Baca Juga  Kadis PU Ambon Sebut Keterbatasan Kewenangan dan Infrastruktur 2026

Dirinya menambahkan, kegiatan ini merupakan perintah Jaksa Agung ST Burhanudin tentang peran Kejaksaan dalam mendukung Asta Cita Presiden Prabowo Subianto, termasuk didalamnya mensukseskan Program JAGA Desa dengan melakukan pencegahan penyalahgunaan Dana Desa maupun Alokasi Dana Desa.

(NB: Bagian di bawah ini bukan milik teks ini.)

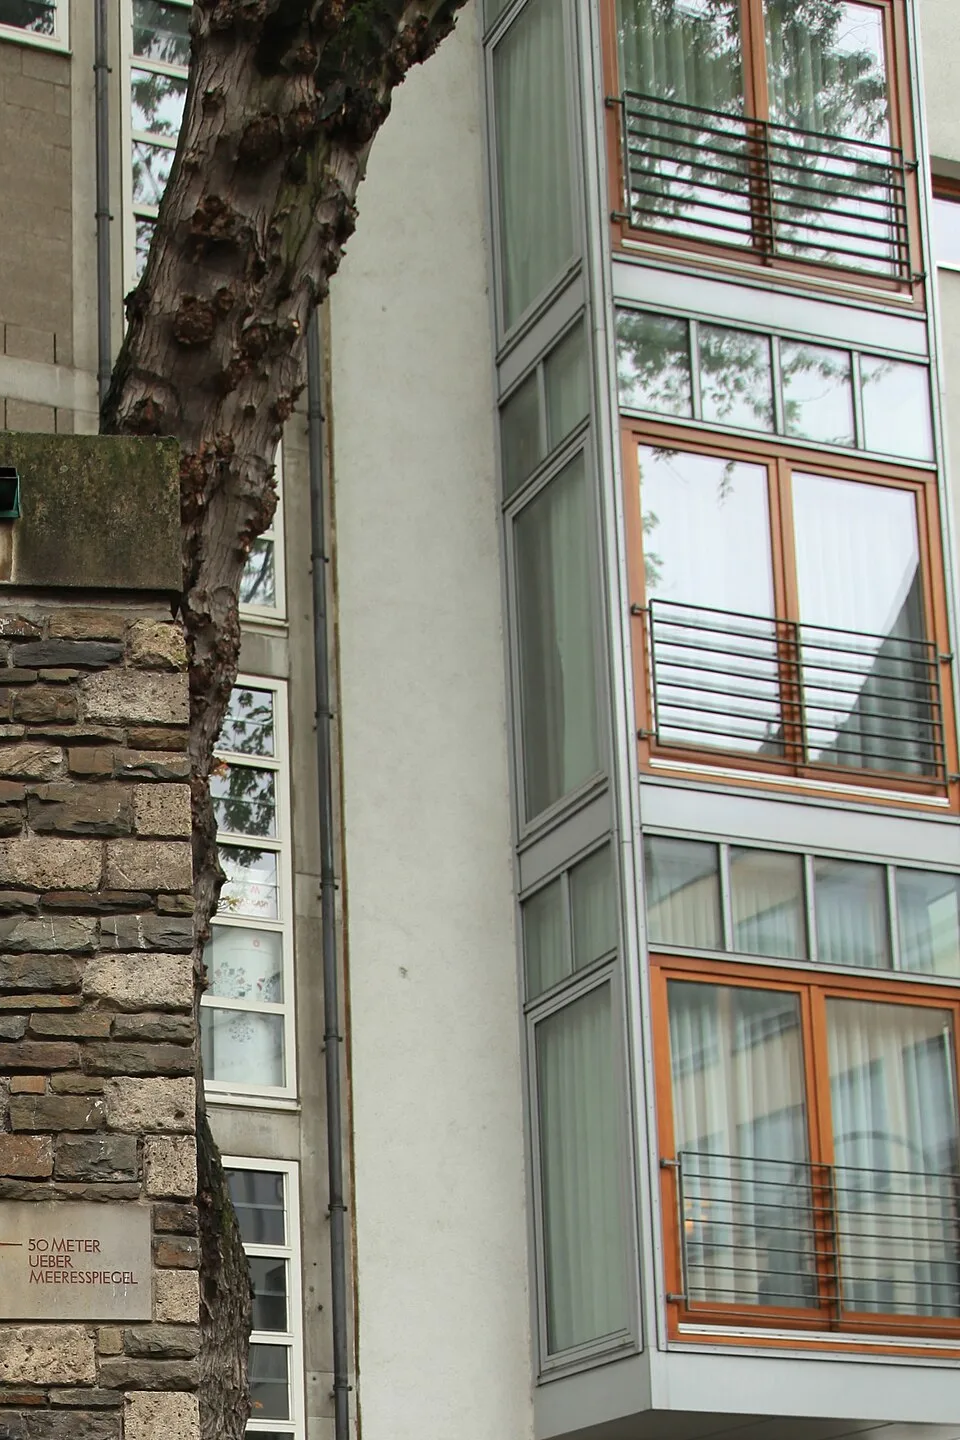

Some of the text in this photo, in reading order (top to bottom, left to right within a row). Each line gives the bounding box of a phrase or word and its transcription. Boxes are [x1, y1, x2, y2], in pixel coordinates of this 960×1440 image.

“Tahun 2024 kemarin, Penanganan perkara korupsi Dana Desa di Maluku sebanyak 20 Perkara, kami berharap tahun ini semakin berkurang, agar Program Pemerintah dalam hal pembangunan ditingkat Desa, akan semakin berkembang” harapnya.

Selanjutnya, Narasumber Mourits Palijama, S.H.,M.H dalam pemaparannya menjelaskan pentingnya pengelolaan Keuangan Desa dengan niat yang baik sebagaimana Filosofi dan tujuan untuk peningkatan kualitas hidup Masyarakat dengan mengentaskan kemiskinan dan memajukan perekonomian Desa serta mengatasi kesenjangan pembangunan antar Desa dan memperkuat masyarakat Desa sebagai subjek dari pembangunan.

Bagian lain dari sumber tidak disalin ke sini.